(Collection entries)
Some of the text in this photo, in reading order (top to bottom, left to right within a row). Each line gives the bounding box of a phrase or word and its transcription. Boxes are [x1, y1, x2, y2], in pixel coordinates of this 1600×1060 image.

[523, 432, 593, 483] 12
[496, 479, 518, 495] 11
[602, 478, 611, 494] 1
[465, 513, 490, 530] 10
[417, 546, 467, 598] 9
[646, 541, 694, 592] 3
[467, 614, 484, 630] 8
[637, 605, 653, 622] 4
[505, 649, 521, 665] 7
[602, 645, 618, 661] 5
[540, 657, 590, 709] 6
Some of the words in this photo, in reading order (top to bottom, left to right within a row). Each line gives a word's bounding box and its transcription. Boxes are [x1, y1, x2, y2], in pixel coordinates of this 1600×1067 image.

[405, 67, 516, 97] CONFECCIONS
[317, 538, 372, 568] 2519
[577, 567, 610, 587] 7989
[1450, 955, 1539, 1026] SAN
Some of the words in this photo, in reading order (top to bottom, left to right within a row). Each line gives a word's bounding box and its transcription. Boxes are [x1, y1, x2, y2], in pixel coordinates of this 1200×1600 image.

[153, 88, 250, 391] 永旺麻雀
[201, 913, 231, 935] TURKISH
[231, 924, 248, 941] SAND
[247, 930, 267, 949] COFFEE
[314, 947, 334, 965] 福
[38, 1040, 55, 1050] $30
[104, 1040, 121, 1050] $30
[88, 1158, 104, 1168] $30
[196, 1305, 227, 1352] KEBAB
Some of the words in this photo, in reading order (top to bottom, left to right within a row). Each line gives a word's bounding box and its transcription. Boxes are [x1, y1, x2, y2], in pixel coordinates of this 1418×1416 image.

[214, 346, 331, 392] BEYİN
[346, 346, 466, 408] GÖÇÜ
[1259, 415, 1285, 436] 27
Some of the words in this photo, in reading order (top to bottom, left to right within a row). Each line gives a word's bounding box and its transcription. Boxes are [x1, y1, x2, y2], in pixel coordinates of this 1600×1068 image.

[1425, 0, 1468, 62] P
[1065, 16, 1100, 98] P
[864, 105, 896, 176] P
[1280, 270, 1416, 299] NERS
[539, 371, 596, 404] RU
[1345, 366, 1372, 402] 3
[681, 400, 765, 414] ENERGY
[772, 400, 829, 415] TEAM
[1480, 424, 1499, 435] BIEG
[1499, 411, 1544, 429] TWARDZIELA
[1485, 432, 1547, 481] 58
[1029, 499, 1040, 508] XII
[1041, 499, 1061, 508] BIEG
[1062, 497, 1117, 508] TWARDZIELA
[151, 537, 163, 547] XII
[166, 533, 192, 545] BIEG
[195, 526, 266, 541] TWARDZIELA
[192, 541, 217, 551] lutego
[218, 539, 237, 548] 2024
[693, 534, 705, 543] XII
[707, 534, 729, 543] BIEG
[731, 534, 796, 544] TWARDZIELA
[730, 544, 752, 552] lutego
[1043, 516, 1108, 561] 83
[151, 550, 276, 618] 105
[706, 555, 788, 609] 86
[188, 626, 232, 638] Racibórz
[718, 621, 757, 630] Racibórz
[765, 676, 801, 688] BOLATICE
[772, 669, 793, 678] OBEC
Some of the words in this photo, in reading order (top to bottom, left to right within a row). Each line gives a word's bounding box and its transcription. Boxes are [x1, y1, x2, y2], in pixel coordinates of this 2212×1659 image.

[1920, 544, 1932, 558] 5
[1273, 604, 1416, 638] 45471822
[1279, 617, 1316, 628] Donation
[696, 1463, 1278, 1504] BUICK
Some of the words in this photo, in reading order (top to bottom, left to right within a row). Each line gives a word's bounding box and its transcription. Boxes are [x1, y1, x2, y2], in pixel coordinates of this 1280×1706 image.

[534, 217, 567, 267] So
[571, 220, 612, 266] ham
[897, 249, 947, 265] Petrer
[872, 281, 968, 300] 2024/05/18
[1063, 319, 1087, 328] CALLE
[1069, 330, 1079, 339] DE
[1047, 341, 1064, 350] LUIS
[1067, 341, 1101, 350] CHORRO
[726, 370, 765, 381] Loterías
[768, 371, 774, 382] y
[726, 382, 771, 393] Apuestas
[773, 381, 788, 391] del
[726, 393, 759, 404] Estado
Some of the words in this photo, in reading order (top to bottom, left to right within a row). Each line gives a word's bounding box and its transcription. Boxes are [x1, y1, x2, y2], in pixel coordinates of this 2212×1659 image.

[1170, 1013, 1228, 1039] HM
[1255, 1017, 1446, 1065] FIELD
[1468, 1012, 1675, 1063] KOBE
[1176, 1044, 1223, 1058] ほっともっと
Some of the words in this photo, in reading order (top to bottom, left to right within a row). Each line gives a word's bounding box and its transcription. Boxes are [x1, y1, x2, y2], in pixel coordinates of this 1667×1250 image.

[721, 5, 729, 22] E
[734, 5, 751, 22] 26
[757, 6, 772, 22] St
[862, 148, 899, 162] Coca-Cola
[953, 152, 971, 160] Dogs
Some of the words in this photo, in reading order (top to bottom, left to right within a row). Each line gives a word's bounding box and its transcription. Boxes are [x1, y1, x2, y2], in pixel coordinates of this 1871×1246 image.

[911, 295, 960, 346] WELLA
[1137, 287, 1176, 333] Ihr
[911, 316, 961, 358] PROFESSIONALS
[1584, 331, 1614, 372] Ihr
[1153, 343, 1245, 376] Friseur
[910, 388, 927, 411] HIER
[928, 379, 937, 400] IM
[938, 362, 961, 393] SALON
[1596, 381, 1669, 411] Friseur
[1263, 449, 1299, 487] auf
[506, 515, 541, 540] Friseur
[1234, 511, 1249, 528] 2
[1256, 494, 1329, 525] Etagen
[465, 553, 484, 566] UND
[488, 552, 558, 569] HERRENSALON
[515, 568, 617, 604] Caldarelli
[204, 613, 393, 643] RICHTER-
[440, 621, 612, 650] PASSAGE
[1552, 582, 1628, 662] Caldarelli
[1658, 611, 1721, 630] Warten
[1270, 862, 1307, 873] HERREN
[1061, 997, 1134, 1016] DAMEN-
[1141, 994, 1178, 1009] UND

Problem requirements
Each line above should be duplicated without any alteration.

Solution
Some of the text in this photo, in reading order (top to bottom, left to right within a row). Each line gives the bounding box of a phrase or word and its transcription. Boxes are [x1, y1, x2, y2], in pixel coordinates of this 1600×1060 image.

[523, 432, 593, 483] 12
[496, 479, 518, 495] 11
[602, 478, 611, 494] 1
[465, 513, 490, 530] 10
[417, 546, 467, 598] 9
[646, 541, 694, 592] 3
[467, 614, 484, 630] 8
[637, 605, 653, 622] 4
[505, 649, 521, 665] 7
[602, 645, 618, 661] 5
[540, 657, 590, 709] 6
Some of the words in this photo, in reading order (top to bottom, left to right within a row). Each line gives a word's bounding box and its transcription. Boxes are [x1, y1, x2, y2], in pixel coordinates of this 1600×1067 image.

[405, 67, 516, 97] CONFECCIONS
[317, 538, 372, 568] 2519
[577, 567, 610, 587] 7989
[1450, 955, 1539, 1026] SAN
Some of the words in this photo, in reading order (top to bottom, left to right within a row). Each line gives a word's bounding box and its transcription. Boxes are [x1, y1, x2, y2], in pixel coordinates of this 1200×1600 image.

[153, 88, 250, 391] 永旺麻雀
[201, 913, 231, 935] TURKISH
[231, 924, 248, 941] SAND
[247, 930, 267, 949] COFFEE
[314, 947, 334, 965] 福
[38, 1040, 55, 1050] $30
[104, 1040, 121, 1050] $30
[88, 1158, 104, 1168] $30
[196, 1305, 227, 1352] KEBAB
Some of the words in this photo, in reading order (top to bottom, left to right within a row). Each line gives a word's bounding box and its transcription. Boxes are [x1, y1, x2, y2], in pixel coordinates of this 1418×1416 image.

[214, 346, 331, 392] BEYİN
[346, 346, 466, 408] GÖÇÜ
[1259, 415, 1285, 436] 27
Some of the words in this photo, in reading order (top to bottom, left to right within a row). Each line gives a word's bounding box and its transcription. Boxes are [x1, y1, x2, y2], in pixel coordinates of this 1600×1068 image.

[1425, 0, 1468, 62] P
[1065, 16, 1100, 98] P
[864, 105, 896, 176] P
[1280, 270, 1416, 299] NERS
[539, 371, 596, 404] RU
[1345, 366, 1372, 402] 3
[681, 400, 765, 414] ENERGY
[772, 400, 829, 415] TEAM
[1480, 424, 1499, 435] BIEG
[1499, 411, 1544, 429] TWARDZIELA
[1485, 432, 1547, 481] 58
[1029, 499, 1040, 508] XII
[1041, 499, 1061, 508] BIEG
[1062, 497, 1117, 508] TWARDZIELA
[151, 537, 163, 547] XII
[166, 533, 192, 545] BIEG
[195, 526, 266, 541] TWARDZIELA
[192, 541, 217, 551] lutego
[218, 539, 237, 548] 2024
[693, 534, 705, 543] XII
[707, 534, 729, 543] BIEG
[731, 534, 796, 544] TWARDZIELA
[730, 544, 752, 552] lutego
[1043, 516, 1108, 561] 83
[151, 550, 276, 618] 105
[706, 555, 788, 609] 86
[188, 626, 232, 638] Racibórz
[718, 621, 757, 630] Racibórz
[765, 676, 801, 688] BOLATICE
[772, 669, 793, 678] OBEC
Some of the words in this photo, in reading order (top to bottom, left to right within a row). Each line gives a word's bounding box and its transcription. Boxes are [x1, y1, x2, y2], in pixel coordinates of this 2212×1659 image.

[1920, 544, 1932, 558] 5
[1273, 604, 1416, 638] 45471822
[1279, 617, 1316, 628] Donation
[696, 1463, 1278, 1504] BUICK
Some of the words in this photo, in reading order (top to bottom, left to right within a row). Each line gives a word's bounding box and its transcription. Boxes are [x1, y1, x2, y2], in pixel coordinates of this 1280×1706 image.

[534, 217, 567, 267] So
[571, 220, 612, 266] ham
[897, 249, 947, 265] Petrer
[872, 281, 968, 300] 2024/05/18
[1063, 319, 1087, 328] CALLE
[1069, 330, 1079, 339] DE
[1047, 341, 1064, 350] LUIS
[1067, 341, 1101, 350] CHORRO
[726, 370, 765, 381] Loterías
[768, 371, 774, 382] y
[726, 382, 771, 393] Apuestas
[773, 381, 788, 391] del
[726, 393, 759, 404] Estado
Some of the words in this photo, in reading order (top to bottom, left to right within a row). Each line gives a word's bounding box and its transcription. Boxes are [x1, y1, x2, y2], in pixel coordinates of this 2212×1659 image.

[1170, 1013, 1228, 1039] HM
[1255, 1017, 1446, 1065] FIELD
[1468, 1012, 1675, 1063] KOBE
[1176, 1044, 1223, 1058] ほっともっと
Some of the words in this photo, in reading order (top to bottom, left to right within a row). Each line gives a word's bounding box and its transcription. Boxes are [x1, y1, x2, y2], in pixel coordinates of this 1667×1250 image.

[721, 5, 729, 22] E
[734, 5, 751, 22] 26
[757, 6, 772, 22] St
[862, 148, 899, 162] Coca-Cola
[953, 152, 971, 160] Dogs
Some of the words in this photo, in reading order (top to bottom, left to right within a row). Each line gives a word's bounding box and its transcription. Boxes are [x1, y1, x2, y2], in pixel coordinates of this 1871×1246 image.

[911, 295, 960, 346] WELLA
[1137, 287, 1176, 333] Ihr
[911, 316, 961, 358] PROFESSIONALS
[1584, 331, 1614, 372] Ihr
[1153, 343, 1245, 376] Friseur
[910, 388, 927, 411] HIER
[928, 379, 937, 400] IM
[938, 362, 961, 393] SALON
[1596, 381, 1669, 411] Friseur
[1263, 449, 1299, 487] auf
[506, 515, 541, 540] Friseur
[1234, 511, 1249, 528] 2
[1256, 494, 1329, 525] Etagen
[465, 553, 484, 566] UND
[488, 552, 558, 569] HERRENSALON
[515, 568, 617, 604] Caldarelli
[204, 613, 393, 643] RICHTER-
[440, 621, 612, 650] PASSAGE
[1552, 582, 1628, 662] Caldarelli
[1658, 611, 1721, 630] Warten
[1270, 862, 1307, 873] HERREN
[1061, 997, 1134, 1016] DAMEN-
[1141, 994, 1178, 1009] UND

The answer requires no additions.